Please write out all of the data below exactly, without including the pictures.

[Free-text object descriptions]
____________________
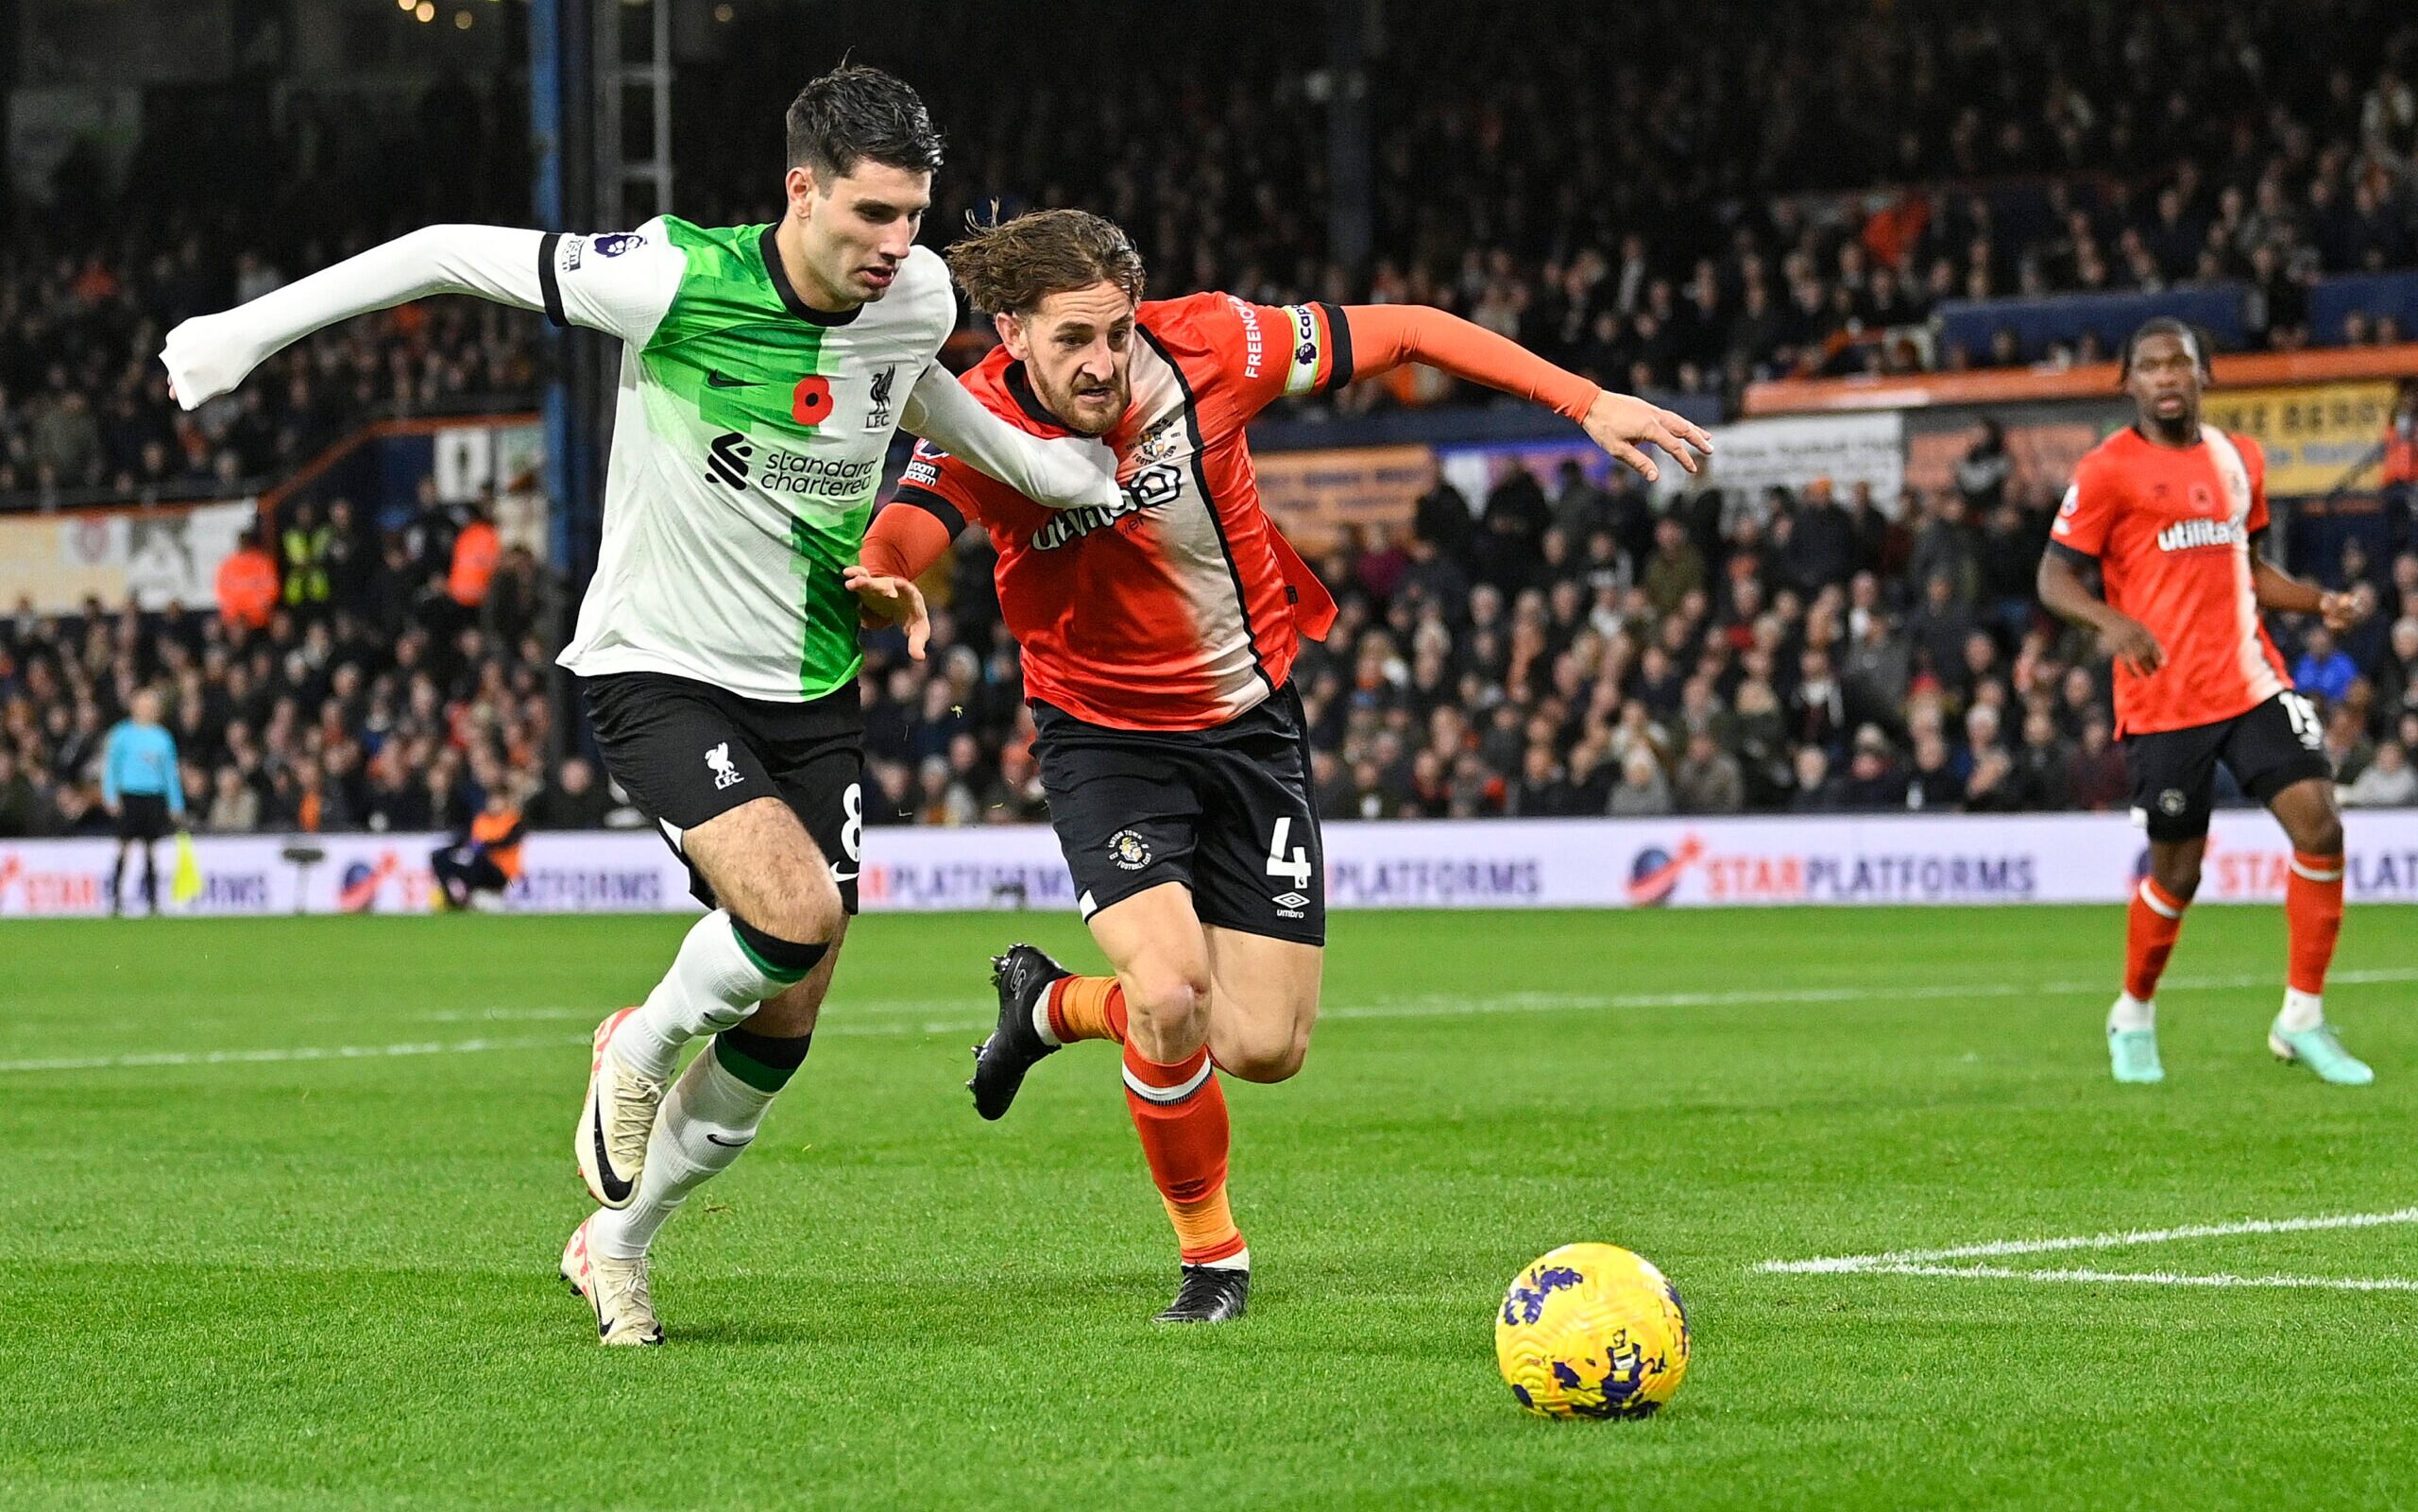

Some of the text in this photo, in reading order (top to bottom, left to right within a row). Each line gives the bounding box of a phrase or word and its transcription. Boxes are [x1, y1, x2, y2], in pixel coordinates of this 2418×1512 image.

[766, 450, 878, 478] standard
[760, 469, 872, 497] chartered
[841, 783, 861, 862] 8
[1267, 817, 1312, 889] 4
[1276, 909, 1304, 919] umbro
____________________
ANSWER SECTION:
Some of the text in this photo, in reading order (top to bottom, left to right within a row). Each line gives the bounding box of a phrase or word and its transcription. Boxes are [x1, y1, x2, y2], in pixel coordinates of this 2418×1512 image.

[766, 450, 878, 478] standard
[760, 469, 872, 497] chartered
[841, 783, 861, 862] 8
[1267, 817, 1312, 889] 4
[1276, 909, 1304, 919] umbro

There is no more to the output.